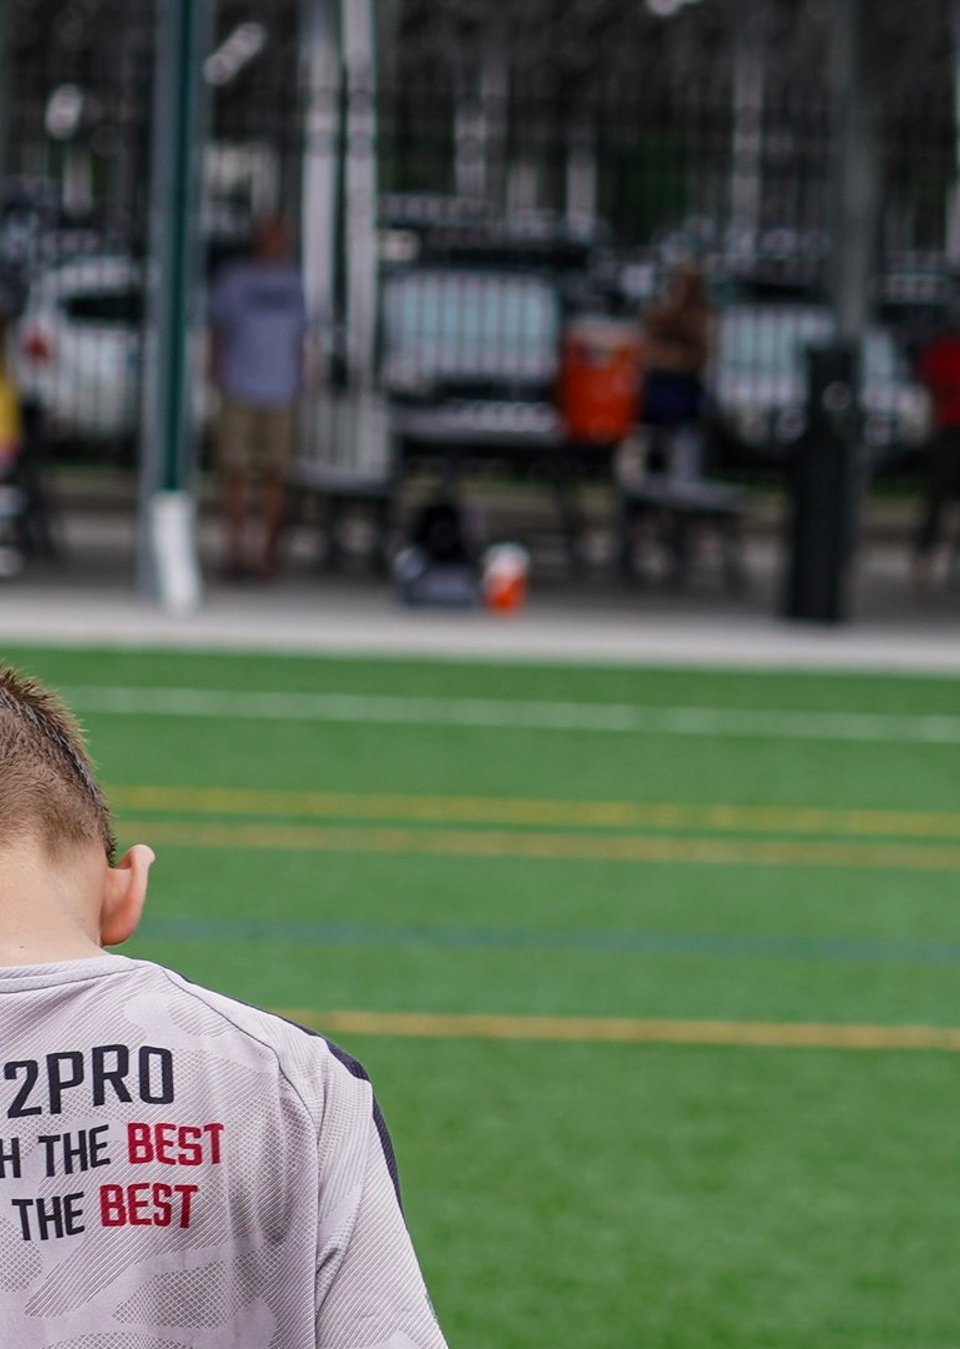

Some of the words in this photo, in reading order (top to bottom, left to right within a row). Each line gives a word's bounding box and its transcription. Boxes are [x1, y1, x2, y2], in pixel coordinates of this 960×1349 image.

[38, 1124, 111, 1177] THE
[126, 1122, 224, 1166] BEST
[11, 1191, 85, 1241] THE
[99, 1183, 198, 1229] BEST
--
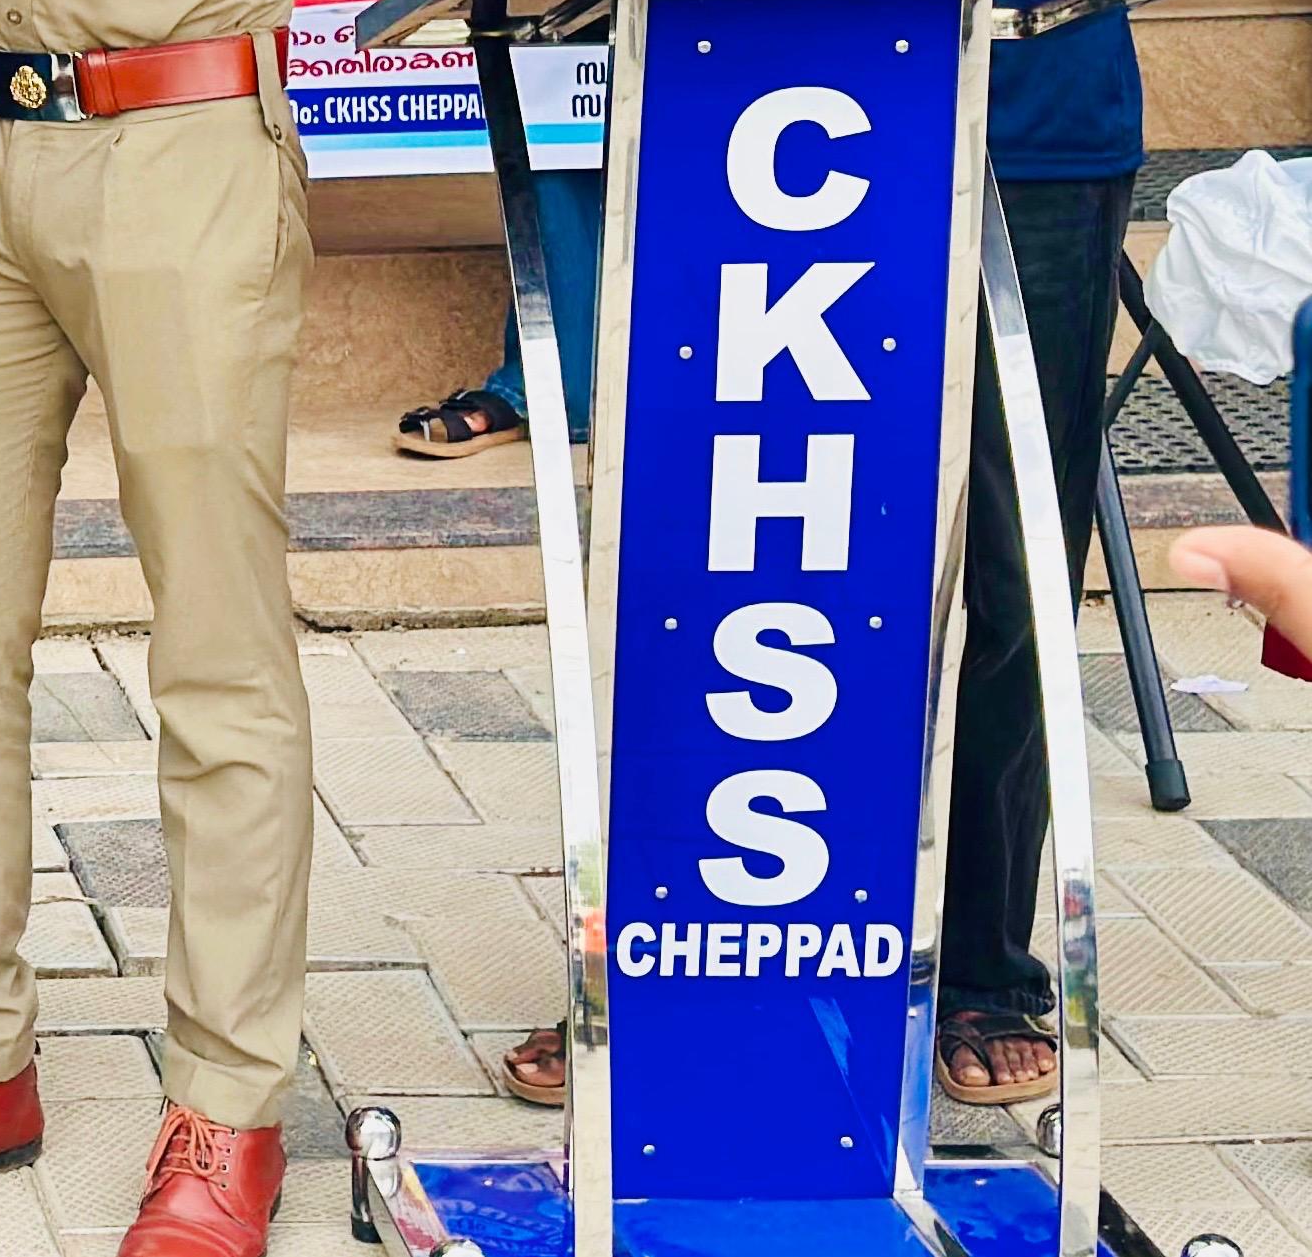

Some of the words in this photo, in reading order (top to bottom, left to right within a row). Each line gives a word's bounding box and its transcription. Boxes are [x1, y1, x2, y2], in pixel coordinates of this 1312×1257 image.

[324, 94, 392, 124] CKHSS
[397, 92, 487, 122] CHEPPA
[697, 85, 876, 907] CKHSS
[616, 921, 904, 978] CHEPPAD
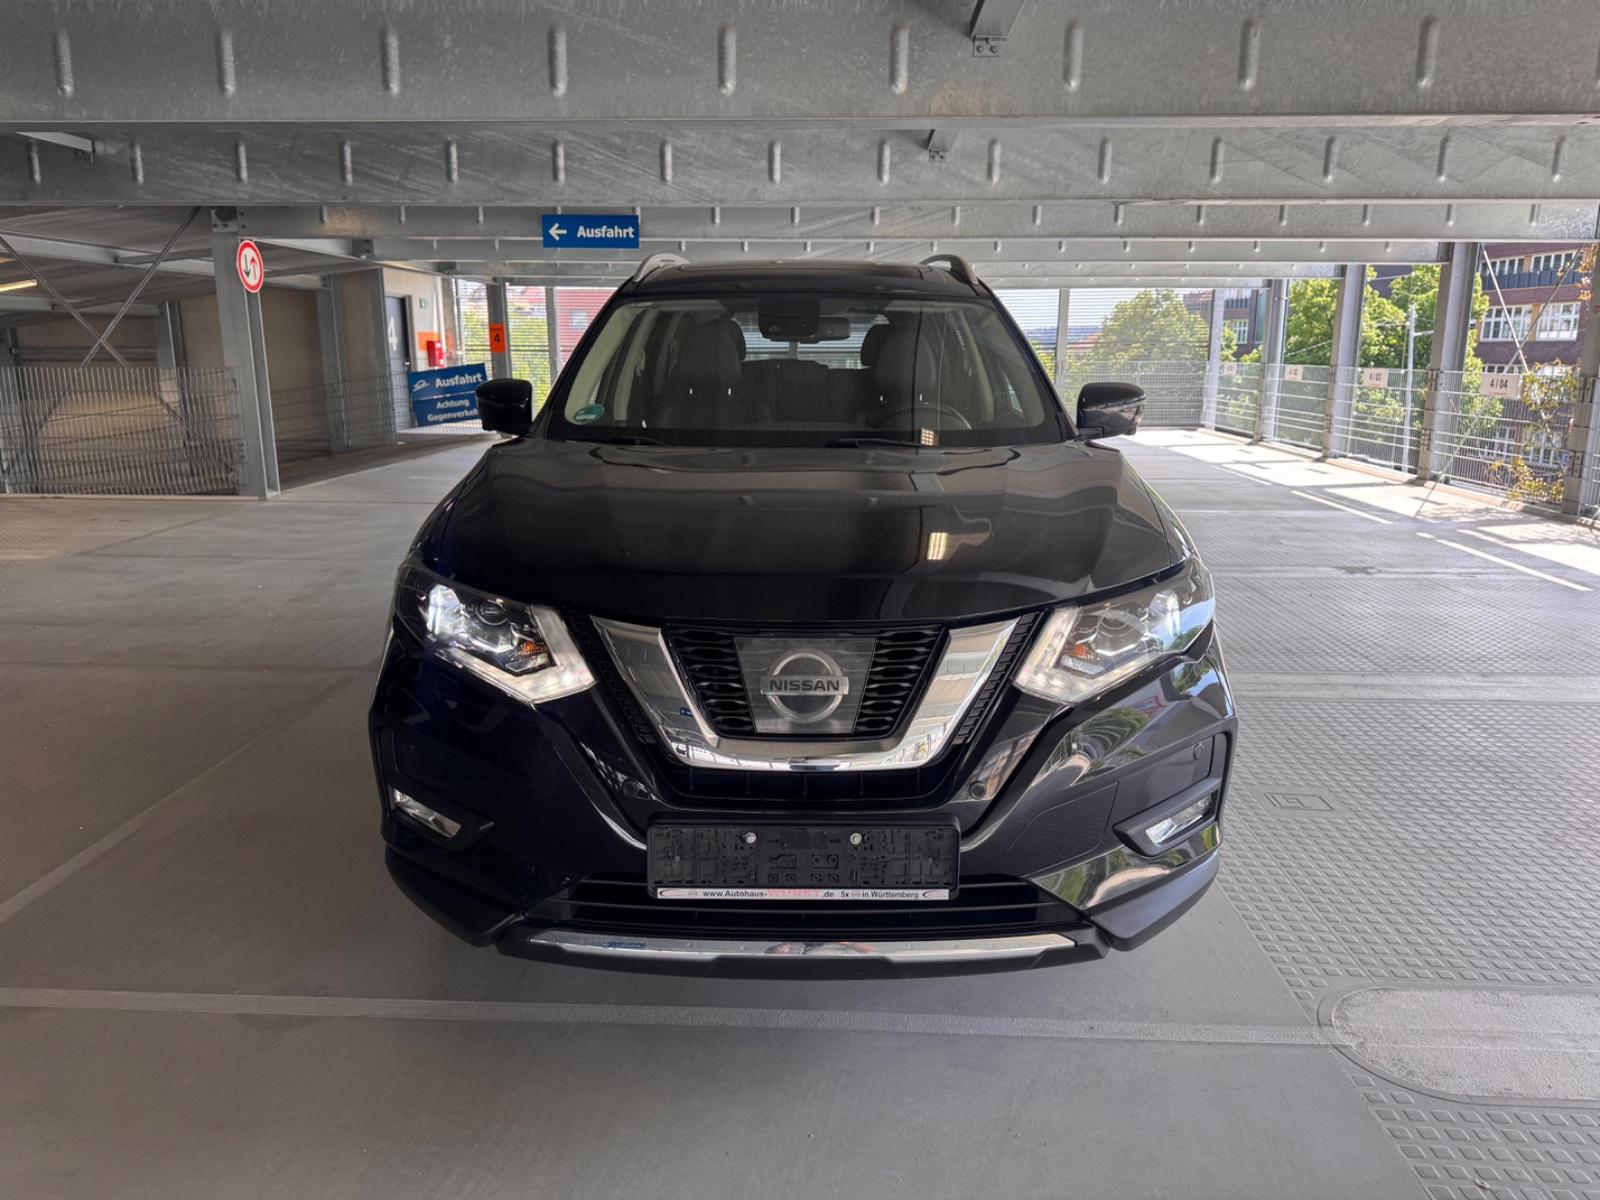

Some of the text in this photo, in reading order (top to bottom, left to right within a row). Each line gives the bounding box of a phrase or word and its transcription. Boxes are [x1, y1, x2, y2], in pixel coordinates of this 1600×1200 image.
--
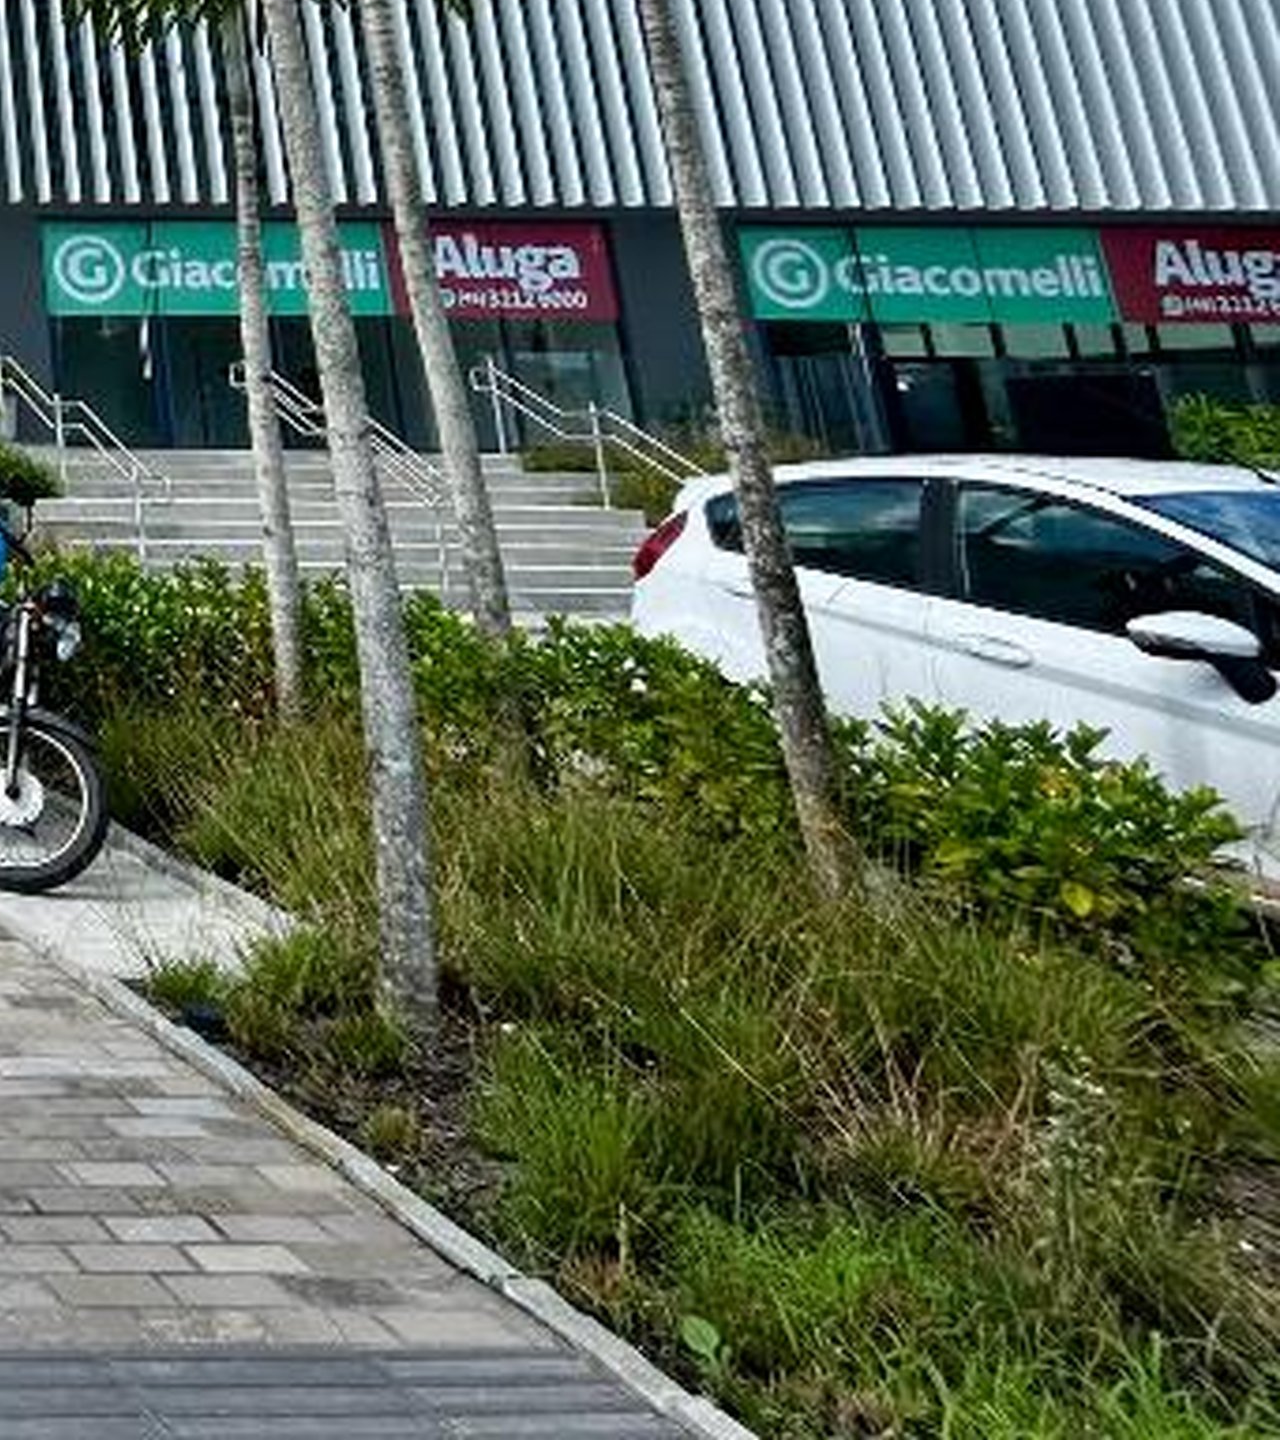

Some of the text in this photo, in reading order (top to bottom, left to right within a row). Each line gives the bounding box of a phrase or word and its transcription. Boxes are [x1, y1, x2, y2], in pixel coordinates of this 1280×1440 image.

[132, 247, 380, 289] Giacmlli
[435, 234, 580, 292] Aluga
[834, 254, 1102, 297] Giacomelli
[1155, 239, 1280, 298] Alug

## Your instructions
Each line above from the one containing "this 1312×1257 image." through the one containing "this 1600×1200 image." is to be returned verbatim. Nothing else, and no pictures.

## Task answer
Some of the words in this photo, in reading order (top to bottom, left to right within a row). Each line gives a word's bounding box and its transcription. Boxes are [x1, y1, x2, y2], in pixel coordinates of this 1312×1257 image.

[324, 94, 392, 124] CKHSS
[397, 92, 487, 122] CHEPPA
[697, 85, 876, 907] CKHSS
[616, 921, 904, 978] CHEPPAD

Some of the text in this photo, in reading order (top to bottom, left to right within a row). Each line gives the bounding box of a phrase or word and its transcription. Boxes are [x1, y1, x2, y2], in pixel coordinates of this 1600×1200 image.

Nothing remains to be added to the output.